747. Blinded by the light.
748. The opening to "Jotunheim", the closer.
749. Going the other way up the Rainbow Bridge....
750. Even penguin hand puppets get brutal to inter-band Sabbath cuts. (Not a slate, for real.)
Brujeria [7/7]
The rain was starting to mount, but this didn't slow the band down any. Assisted by Shane Embury in the worst narcotrafico disguise ever (srsly, get a trucker cap or something to cover up that bald monk mop), they smashed out a simplistic but uniformly well-received set of nu-death that got bodies moving and Germans yelling in Spanish. They benefitted from people waiting for SFU, which is approximately the same, minus the fun factor, but that fun factor, from "Pito Wilson" to "Marijuana" (on playback at the end), is what makes this band. Now that people know who they are, they've become a Palo-Mayombe-cult/sorreño-thug theme ride, and they do it well and people are fine with it. We know that they're not real gangsters any more than Running Wild are real pirates or GWAR are real Antarctican space monsters, but they execute the gimmick and the music behind it well enough that people will suspend disbelief, which is the critical sign that they're doing it right.
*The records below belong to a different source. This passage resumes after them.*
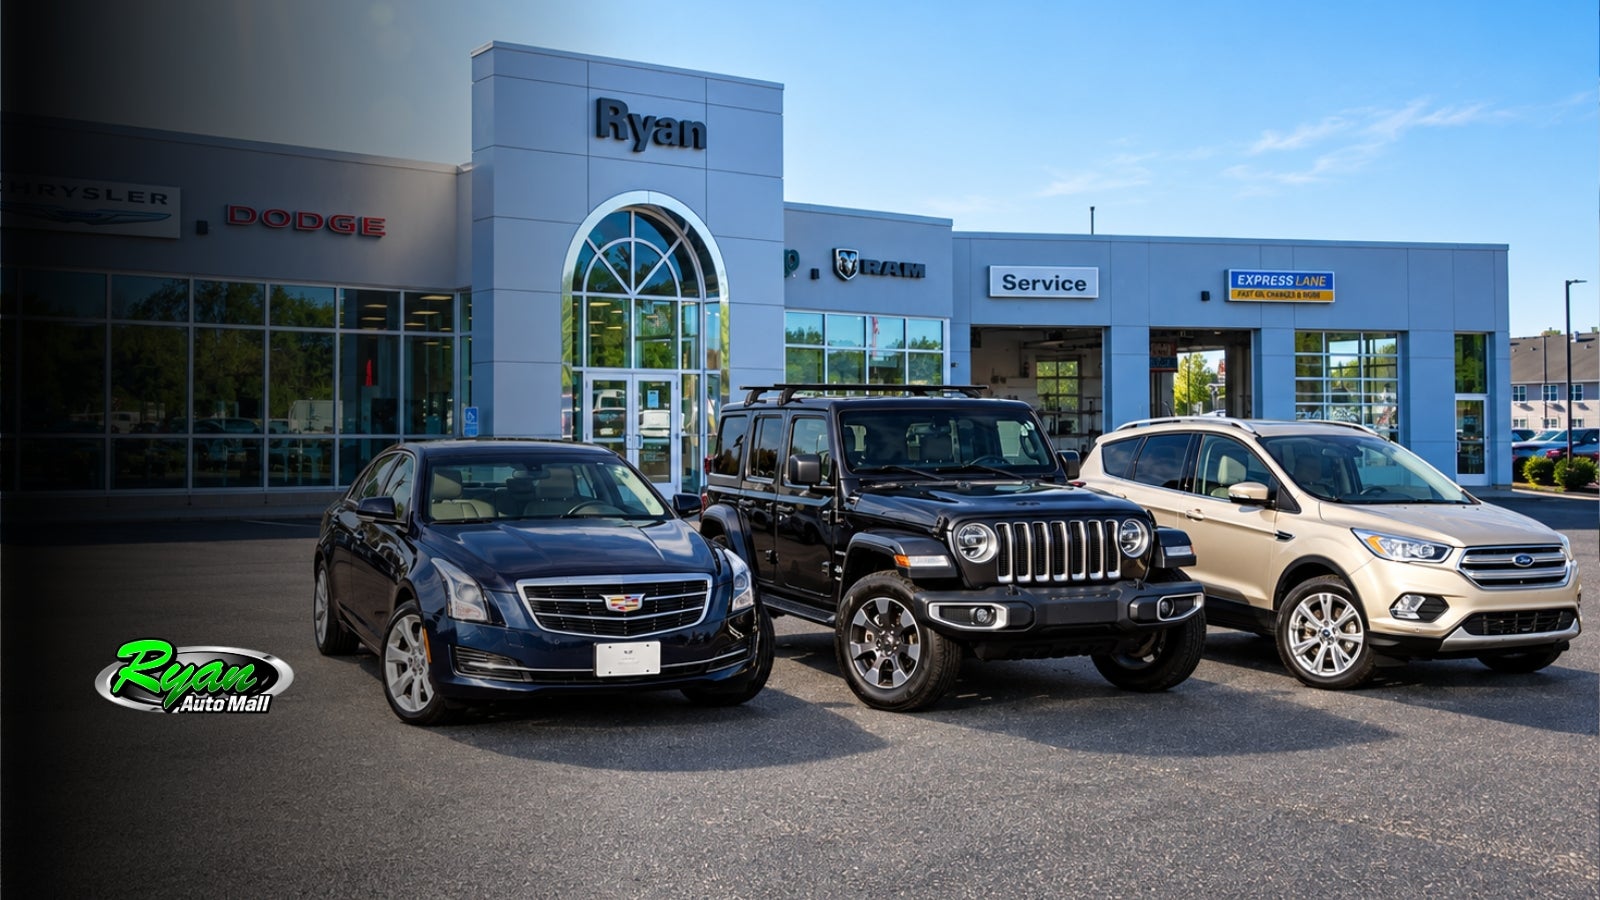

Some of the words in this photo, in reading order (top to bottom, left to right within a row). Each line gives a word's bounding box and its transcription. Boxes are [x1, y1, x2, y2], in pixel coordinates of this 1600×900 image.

[596, 97, 707, 152] Ryan
[2, 181, 168, 205] HRYSLER
[226, 204, 386, 237] DODGE
[860, 259, 926, 278] RAM
[1002, 273, 1087, 292] Service
[1238, 274, 1294, 286] EXPRESS
[1295, 276, 1327, 287] LANE
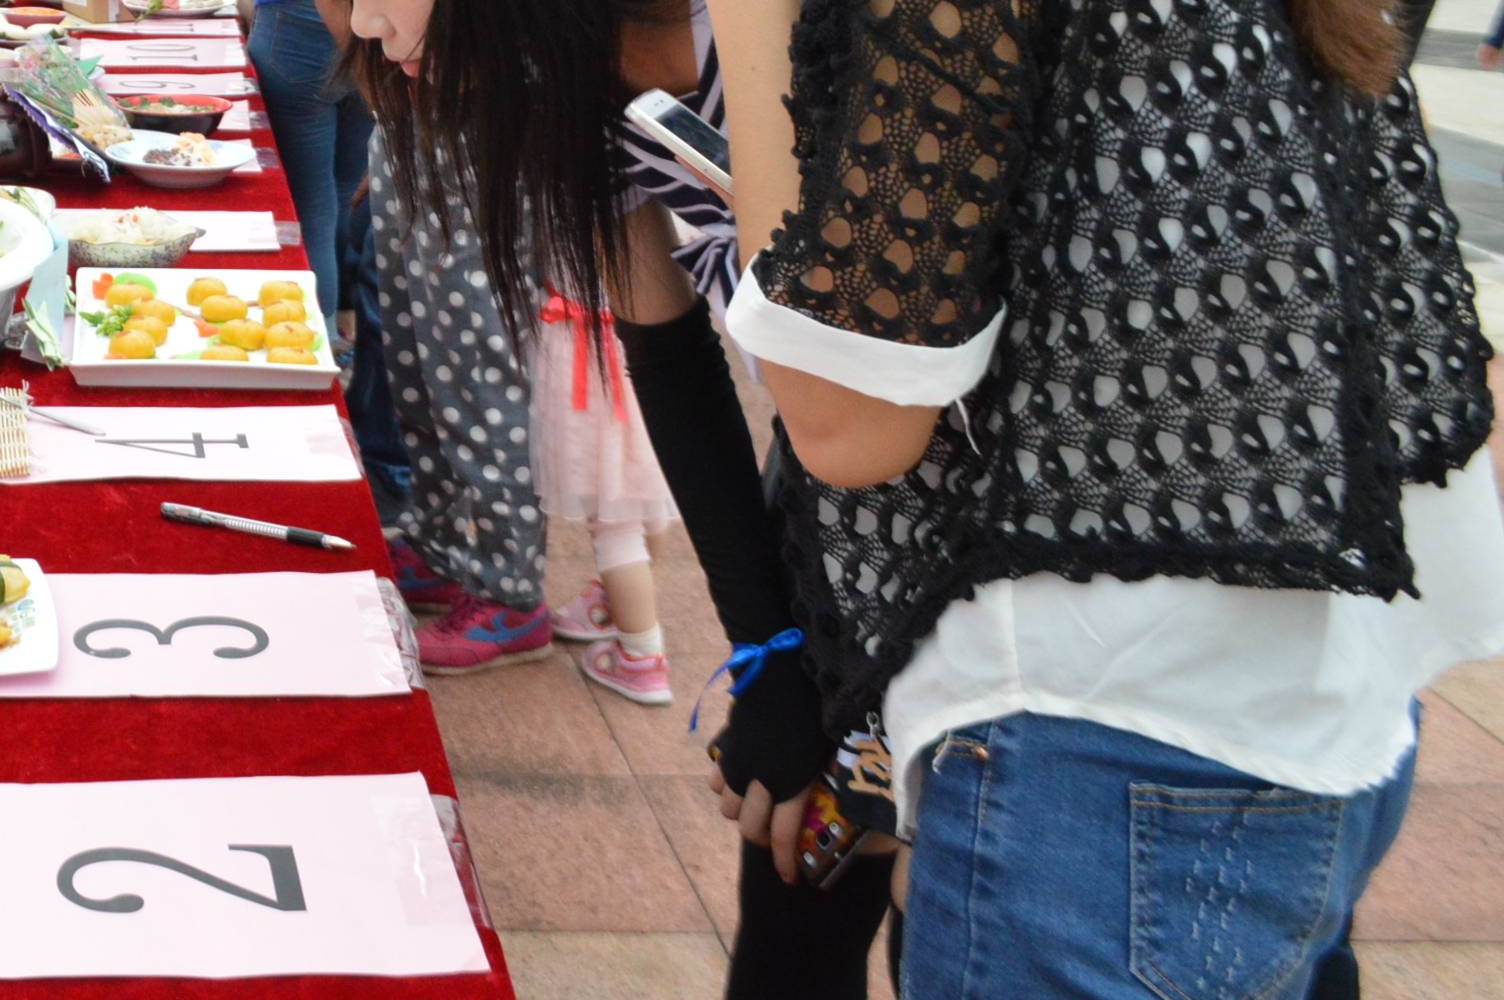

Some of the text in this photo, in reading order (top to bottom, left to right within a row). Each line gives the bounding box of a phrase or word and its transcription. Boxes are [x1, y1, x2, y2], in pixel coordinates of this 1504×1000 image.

[127, 43, 198, 61] 10
[95, 432, 248, 458] 4
[74, 616, 269, 659] 3
[57, 844, 307, 913] 2
751. Spots over Brujeria's set. The light here was pretty much impossible, as the following shots will show.
752. Shane Embury, fooling no one.
753. Jeff Walker in a better disguise, aided by frame shake.
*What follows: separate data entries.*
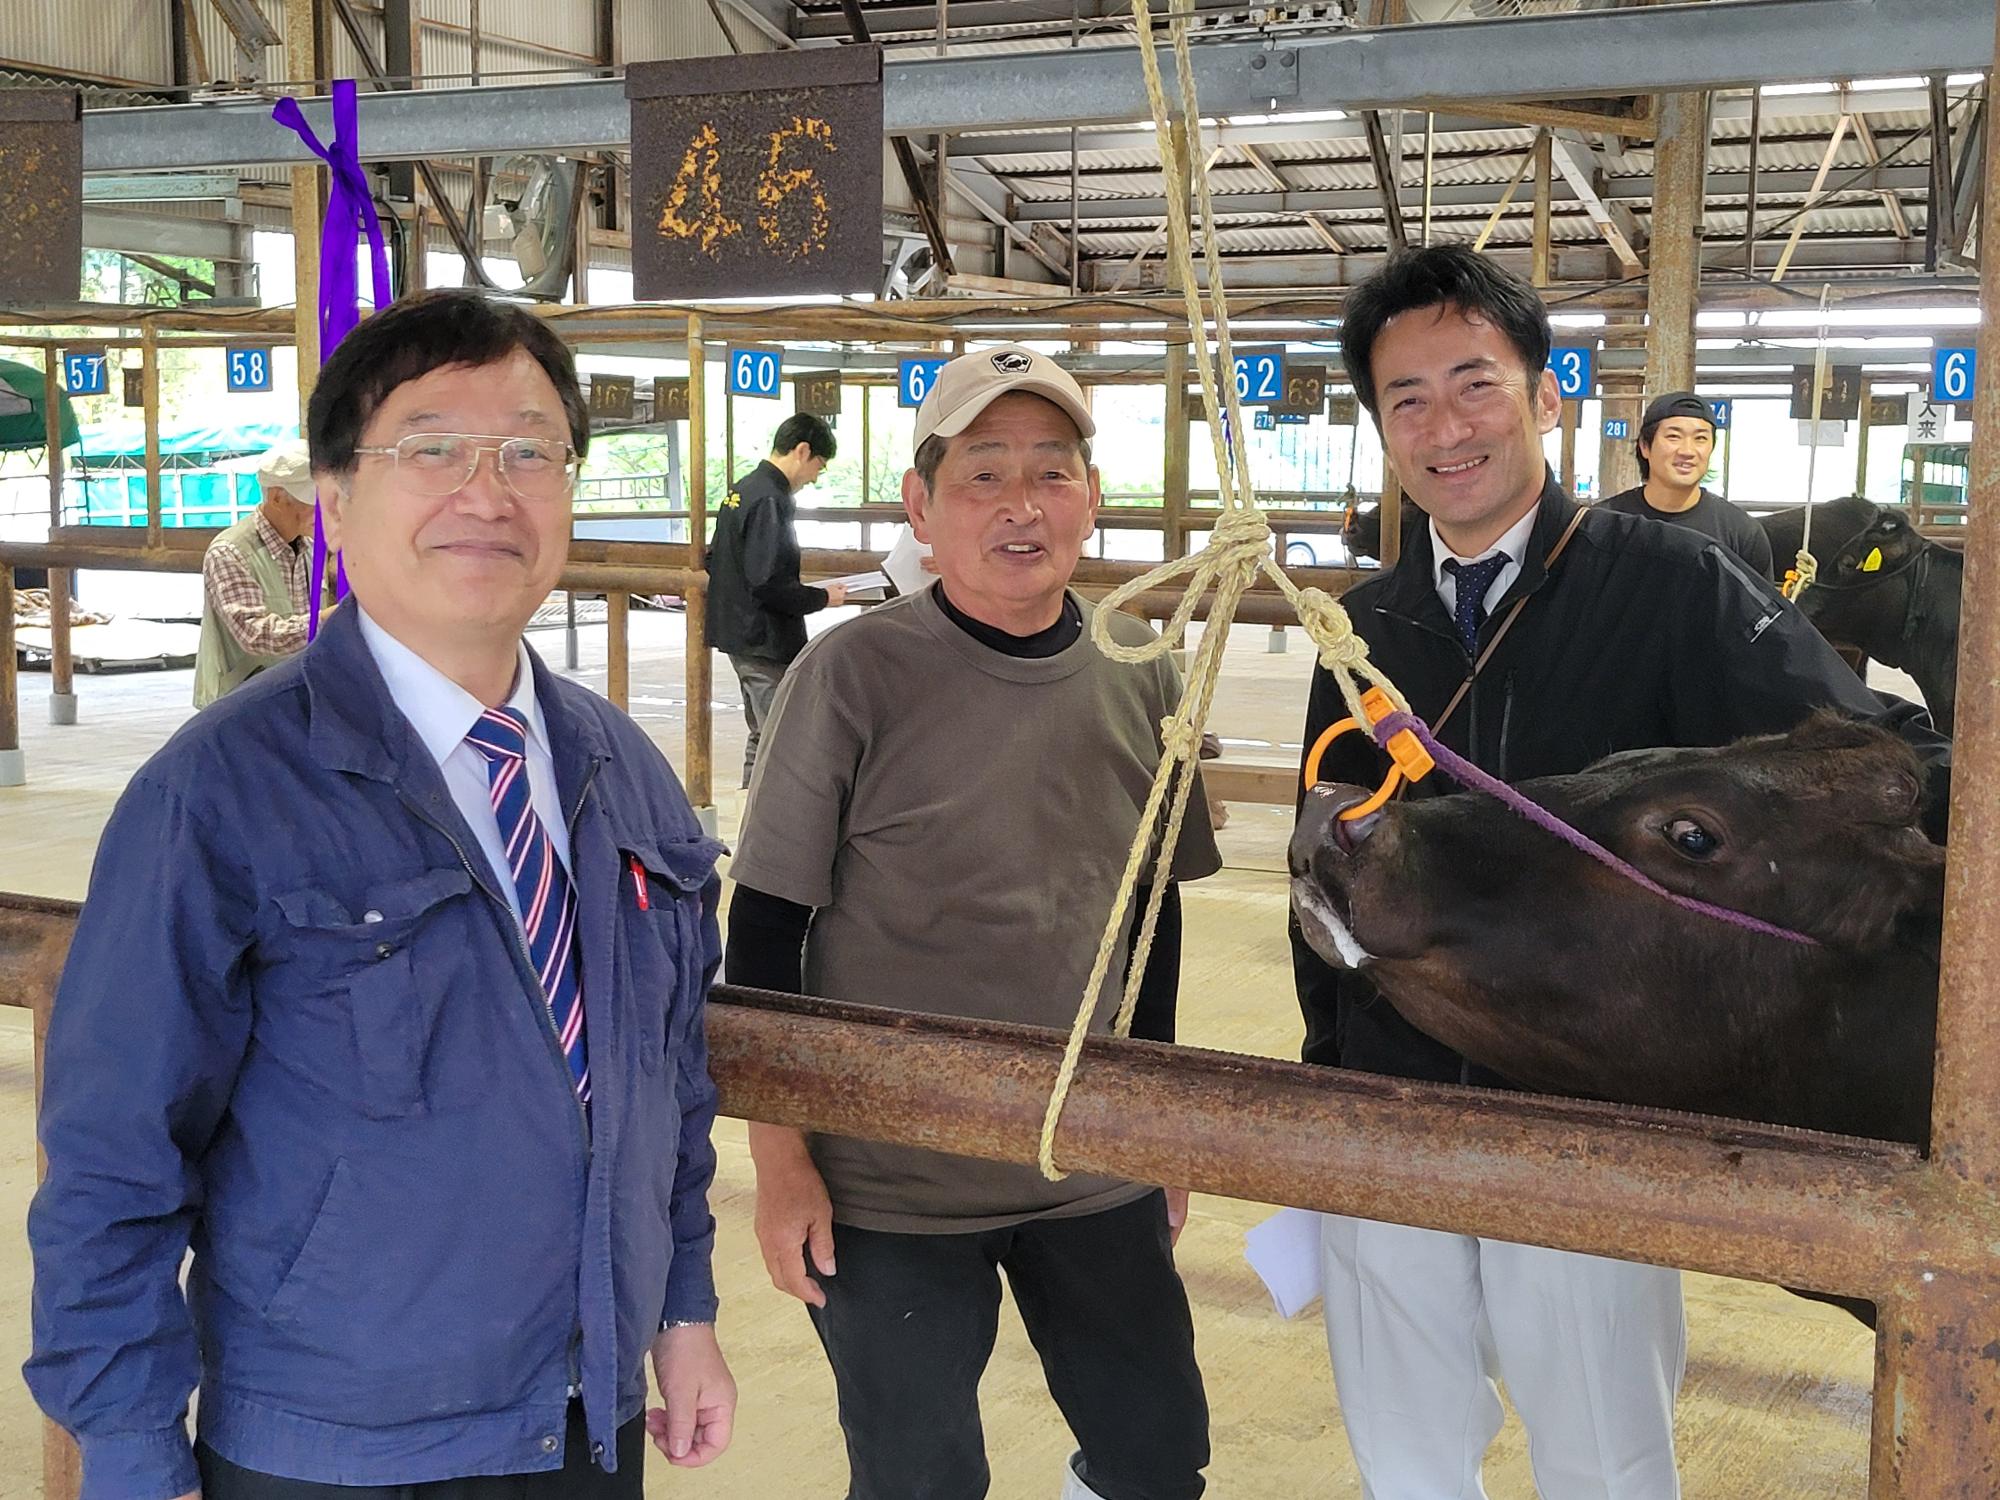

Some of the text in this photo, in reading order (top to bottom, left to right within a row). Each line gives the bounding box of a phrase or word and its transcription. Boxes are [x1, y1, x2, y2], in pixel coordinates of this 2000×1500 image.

[657, 116, 837, 262] 46
[70, 358, 100, 390] 57
[232, 352, 264, 385] 58
[737, 353, 775, 391] 60
[1233, 358, 1276, 398] 62
[1255, 414, 1275, 429] 279
[1606, 421, 1627, 437] 281
754. The band in a psychedelic haze.
755. After this I decided that further pics would be just impossible.
756. ....except for this invocation at the start of "La Ley De Plomo".
Bands I cared about concluded, I hit the tent, and fell asleep before getting any concrete impression of Eluveitie.
757. Bootcondoms! I should have used another trash bag, but I didn't have one that didn't have trash or the foot of a sleeping bag in it already. Fortunately, these did work, and I had dry boot innards in the morning.